**Try it:**
Apart from the pictures, every entry below must be given again exactly.
Exercise data below:
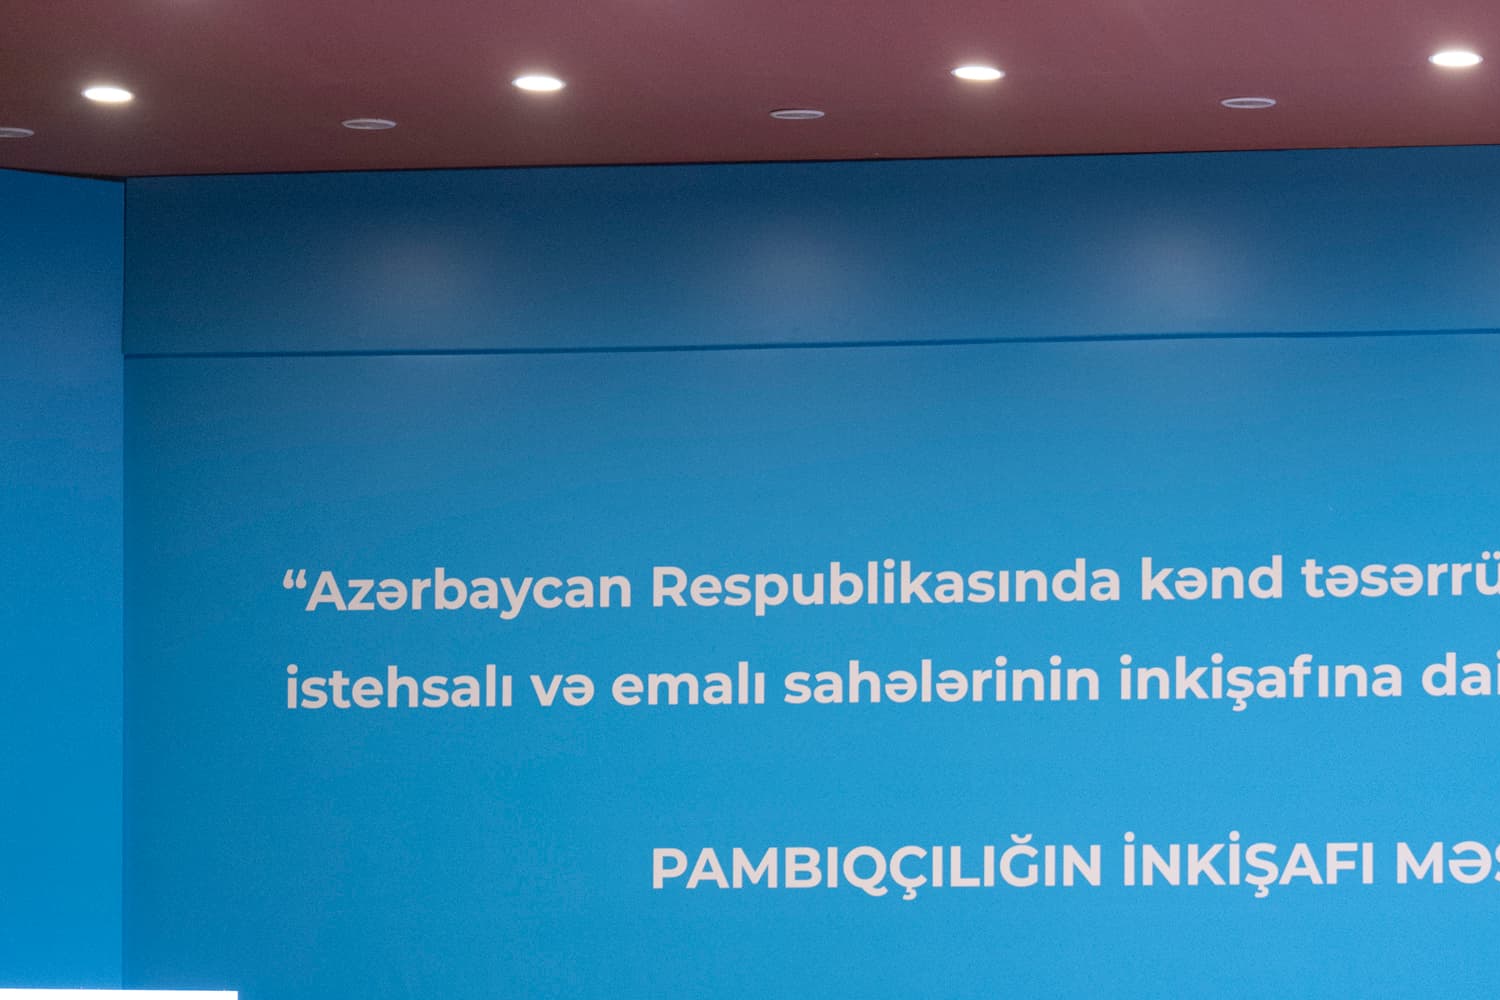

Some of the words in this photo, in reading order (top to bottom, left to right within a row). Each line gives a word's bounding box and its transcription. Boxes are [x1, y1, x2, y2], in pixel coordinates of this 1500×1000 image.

[283, 567, 631, 620] “Azərbaycan
[653, 557, 1120, 617] Respublikasında
[1141, 554, 1283, 602] kənd
[287, 664, 512, 709] istehsalı
[530, 674, 595, 707] və
[611, 661, 765, 706] emalı
[784, 655, 1100, 704] sahələrinin
[1119, 652, 1402, 712] inkişafına
[652, 833, 1101, 901] PAMBIQÇILIĞIN
[1123, 830, 1374, 899] İNKİŞAFI
End of Exercise data.
**Response to the exercise:**
Some of the words in this photo, in reading order (top to bottom, left to right within a row). Each line gives a word's bounding box and its transcription. Boxes are [x1, y1, x2, y2], in pixel coordinates of this 1500×1000 image.

[283, 567, 631, 620] “Azərbaycan
[653, 557, 1120, 617] Respublikasında
[1141, 554, 1283, 602] kənd
[287, 664, 512, 709] istehsalı
[530, 674, 595, 707] və
[611, 661, 765, 706] emalı
[784, 655, 1100, 704] sahələrinin
[1119, 652, 1402, 712] inkişafına
[652, 833, 1101, 901] PAMBIQÇILIĞIN
[1123, 830, 1374, 899] İNKİŞAFI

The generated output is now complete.